I want to fill a Pane varPane
with variable content. The implementation looks similar to this
Pane varPane = new Pane();
// ..
someProperty.addListener(( obsv, oldV, newV) -> {
varPane.getChildren().clear(); // Remove old Property Pane Content
Pane propPane = getNewPane(newV); // Get new content
varPane.getChildren().add(propPane); // add Content
});
The Pane is generated like:
public Pane getNewPane(Object newV){
Pane myPane = new Pane();
// Add dummy Content
myPane.getChildren().add(new Label(newV.toString()))
// Here I need some listener
// somthing like [not working]:
myPane.setOnClosed( System.out.println("Pane closed: " + newV.toString() );
return myPane;
}
As indicated above, I need to perform some cleanup after the pane is not used anymore. However I couldn't find to correct way to implement such a listener.
The listener shall be triggered if:
varPane
is changed and the old Pane is not visible anymore, ORvarPane
is destroyed (e.g. on Platform.exit()
)I could require that on these events an function is called for the cleanup. However I think it would be safer, if the pane detects such events on its own.
First note that varPane.getChildren().removeAll()
doesn't do what you think. You need
varPane.getChildren().clear();
You can check if the pane's parentProperty()
changes to null:
myPane.parentProperty().addListener((obs, oldParent, newParent) -> {
if (newParent == null) {
System.out.println("Pane closed: " + newV);
}
});
Checking if the window containing the pane is hidden (closed) is considerably harder. You can create the following chain of listeners (basically listening to the pane's sceneProperty()
in order to listen to the scene's windowProperty()

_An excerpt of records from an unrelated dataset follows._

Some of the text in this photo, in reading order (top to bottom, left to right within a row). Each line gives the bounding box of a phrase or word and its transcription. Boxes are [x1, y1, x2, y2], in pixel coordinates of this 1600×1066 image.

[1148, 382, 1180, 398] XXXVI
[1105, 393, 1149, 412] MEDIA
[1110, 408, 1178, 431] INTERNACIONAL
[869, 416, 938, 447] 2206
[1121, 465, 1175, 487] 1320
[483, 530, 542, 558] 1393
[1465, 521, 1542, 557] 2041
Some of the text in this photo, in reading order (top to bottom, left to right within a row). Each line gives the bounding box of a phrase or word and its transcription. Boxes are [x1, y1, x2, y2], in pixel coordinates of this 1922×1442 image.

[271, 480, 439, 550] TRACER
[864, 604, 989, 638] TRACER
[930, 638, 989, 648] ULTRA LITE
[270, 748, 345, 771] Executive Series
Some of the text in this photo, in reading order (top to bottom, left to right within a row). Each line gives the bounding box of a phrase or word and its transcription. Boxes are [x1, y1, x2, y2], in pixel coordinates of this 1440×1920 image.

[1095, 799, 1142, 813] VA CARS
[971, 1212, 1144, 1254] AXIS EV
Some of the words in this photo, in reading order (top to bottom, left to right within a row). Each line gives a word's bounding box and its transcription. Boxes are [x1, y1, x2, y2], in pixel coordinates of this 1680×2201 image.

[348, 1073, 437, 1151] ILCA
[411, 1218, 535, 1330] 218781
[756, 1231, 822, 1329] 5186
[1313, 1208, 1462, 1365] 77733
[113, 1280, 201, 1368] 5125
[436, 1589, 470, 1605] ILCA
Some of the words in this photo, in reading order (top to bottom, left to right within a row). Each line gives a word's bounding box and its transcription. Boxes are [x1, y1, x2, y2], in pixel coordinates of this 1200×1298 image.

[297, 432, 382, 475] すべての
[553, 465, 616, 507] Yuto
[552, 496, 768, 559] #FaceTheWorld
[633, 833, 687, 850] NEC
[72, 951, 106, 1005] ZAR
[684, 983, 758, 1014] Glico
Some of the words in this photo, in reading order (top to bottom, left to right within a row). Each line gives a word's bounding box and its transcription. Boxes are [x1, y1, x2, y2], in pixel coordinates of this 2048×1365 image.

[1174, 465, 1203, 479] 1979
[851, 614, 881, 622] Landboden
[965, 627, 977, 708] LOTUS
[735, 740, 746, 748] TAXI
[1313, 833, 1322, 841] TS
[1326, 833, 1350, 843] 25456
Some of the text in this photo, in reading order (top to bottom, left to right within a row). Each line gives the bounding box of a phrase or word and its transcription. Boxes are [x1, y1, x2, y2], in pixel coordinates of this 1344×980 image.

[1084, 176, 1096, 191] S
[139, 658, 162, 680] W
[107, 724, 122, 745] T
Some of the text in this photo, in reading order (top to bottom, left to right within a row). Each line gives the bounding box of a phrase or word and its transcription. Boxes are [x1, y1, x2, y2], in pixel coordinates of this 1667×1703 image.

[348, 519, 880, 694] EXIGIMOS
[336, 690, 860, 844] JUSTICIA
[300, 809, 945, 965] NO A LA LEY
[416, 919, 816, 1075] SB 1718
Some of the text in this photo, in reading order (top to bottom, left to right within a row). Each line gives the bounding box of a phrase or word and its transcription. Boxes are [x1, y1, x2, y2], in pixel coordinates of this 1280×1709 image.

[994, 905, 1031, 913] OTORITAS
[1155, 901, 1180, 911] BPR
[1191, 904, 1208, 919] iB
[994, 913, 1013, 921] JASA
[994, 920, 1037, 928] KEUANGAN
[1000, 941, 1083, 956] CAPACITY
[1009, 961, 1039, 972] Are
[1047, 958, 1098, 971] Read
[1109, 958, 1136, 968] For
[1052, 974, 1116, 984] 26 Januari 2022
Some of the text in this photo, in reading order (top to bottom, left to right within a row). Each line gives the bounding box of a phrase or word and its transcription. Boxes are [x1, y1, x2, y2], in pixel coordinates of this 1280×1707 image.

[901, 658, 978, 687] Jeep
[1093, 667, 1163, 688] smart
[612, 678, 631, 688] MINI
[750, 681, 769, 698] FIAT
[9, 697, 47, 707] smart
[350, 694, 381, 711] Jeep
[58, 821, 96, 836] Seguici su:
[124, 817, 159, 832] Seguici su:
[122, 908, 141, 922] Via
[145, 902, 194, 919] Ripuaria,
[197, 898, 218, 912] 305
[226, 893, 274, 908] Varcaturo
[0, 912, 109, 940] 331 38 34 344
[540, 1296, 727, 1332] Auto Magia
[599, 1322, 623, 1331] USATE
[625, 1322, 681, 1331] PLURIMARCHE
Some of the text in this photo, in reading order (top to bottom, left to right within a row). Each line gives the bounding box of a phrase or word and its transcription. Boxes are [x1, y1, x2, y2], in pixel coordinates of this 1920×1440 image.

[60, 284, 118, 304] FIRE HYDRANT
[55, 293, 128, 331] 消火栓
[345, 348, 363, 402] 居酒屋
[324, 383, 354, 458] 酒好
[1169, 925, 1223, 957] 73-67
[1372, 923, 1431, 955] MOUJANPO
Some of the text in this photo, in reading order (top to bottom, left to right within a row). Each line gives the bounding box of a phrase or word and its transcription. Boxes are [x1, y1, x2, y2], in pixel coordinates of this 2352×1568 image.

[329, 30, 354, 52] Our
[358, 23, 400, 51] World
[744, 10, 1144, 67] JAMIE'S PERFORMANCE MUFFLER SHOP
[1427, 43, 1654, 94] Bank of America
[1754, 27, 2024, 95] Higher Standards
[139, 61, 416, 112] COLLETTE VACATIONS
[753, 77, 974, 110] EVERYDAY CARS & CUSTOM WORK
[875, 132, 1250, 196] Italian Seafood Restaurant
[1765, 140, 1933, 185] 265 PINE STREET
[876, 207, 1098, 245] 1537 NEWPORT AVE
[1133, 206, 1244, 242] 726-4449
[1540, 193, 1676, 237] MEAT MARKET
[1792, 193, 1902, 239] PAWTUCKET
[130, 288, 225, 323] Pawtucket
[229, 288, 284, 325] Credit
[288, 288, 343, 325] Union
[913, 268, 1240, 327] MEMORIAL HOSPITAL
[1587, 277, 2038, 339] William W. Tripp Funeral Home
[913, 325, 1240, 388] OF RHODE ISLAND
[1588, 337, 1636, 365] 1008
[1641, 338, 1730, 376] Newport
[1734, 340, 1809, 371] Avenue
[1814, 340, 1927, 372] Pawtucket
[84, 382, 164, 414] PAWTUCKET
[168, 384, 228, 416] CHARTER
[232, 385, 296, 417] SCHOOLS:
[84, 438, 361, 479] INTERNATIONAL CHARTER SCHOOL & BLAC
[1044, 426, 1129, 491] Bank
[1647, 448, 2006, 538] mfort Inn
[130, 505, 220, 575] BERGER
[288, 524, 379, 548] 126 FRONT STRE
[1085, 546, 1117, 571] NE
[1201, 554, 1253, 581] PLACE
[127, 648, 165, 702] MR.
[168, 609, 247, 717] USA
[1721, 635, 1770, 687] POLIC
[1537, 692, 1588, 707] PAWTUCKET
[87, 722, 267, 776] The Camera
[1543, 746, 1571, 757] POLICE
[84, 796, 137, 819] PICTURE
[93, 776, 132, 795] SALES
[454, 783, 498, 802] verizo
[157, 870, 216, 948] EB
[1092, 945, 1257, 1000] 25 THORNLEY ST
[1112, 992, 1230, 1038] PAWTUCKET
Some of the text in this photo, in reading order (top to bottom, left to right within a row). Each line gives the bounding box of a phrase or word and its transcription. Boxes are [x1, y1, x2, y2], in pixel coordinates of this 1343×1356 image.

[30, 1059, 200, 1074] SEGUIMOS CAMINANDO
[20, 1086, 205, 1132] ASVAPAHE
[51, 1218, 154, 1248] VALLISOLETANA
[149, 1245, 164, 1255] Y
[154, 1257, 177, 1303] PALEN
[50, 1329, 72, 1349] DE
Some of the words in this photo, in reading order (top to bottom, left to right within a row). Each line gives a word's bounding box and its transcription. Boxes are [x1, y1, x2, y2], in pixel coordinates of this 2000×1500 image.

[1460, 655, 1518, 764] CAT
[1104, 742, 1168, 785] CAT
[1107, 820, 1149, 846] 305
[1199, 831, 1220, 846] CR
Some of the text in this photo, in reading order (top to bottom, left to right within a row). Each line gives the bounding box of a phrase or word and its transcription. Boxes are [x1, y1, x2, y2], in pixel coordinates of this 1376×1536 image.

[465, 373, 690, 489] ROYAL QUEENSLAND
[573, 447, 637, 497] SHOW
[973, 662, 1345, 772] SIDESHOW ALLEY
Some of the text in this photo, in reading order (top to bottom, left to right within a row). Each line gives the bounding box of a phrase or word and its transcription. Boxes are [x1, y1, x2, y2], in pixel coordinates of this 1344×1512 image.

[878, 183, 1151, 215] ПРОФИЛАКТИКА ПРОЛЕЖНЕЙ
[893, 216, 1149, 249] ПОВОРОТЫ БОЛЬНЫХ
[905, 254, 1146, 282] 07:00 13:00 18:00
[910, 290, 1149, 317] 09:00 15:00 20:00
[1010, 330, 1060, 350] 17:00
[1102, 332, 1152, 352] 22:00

in order to listener to the window's showingProperty()
):
ChangeListener<Boolean> showingListener = (obs, wasShowing, isNowShowing) -> {
if (! isNowShowing) {
System.out.println("Window containing "+newV+" hidden");
}
};
ChangeListener<Window> windowListener = (obs, oldWin, newWin) -> {
if (oldWin != null) {
oldWin.showingProperty().removeListener(showingListener);
}
if (newWin != null) {
newWin.showingProperty().addListener(showingListener);
}
};
ChangeListener<Scene> sceneListener = (obs, oldScene, newScene) -> {
if (oldScene != null) {
oldScene.windowProperty().removeListener(windowListener);
if (oldScene.getWindow() != null) {
oldScene.getWindow().showingProperty().removeListener(showingListener);
}
}
if (newScene != null) {
newScene.windowProperty().addListener(windowListener);
if (newScene.getWindow() != null) {
newScene.getWindow().showingProperty().addListener(showingListener);
}
}
};
myPane.sceneProperty().addListener(sceneListener);
You may prefer to use a bindings framework, such as the one that is part of ReactFX. Using ReactFX, you can cover both cases with
EventStreams.changesOf(Val
.flatMap(myPane.sceneProperty(), Scene::windowProperty)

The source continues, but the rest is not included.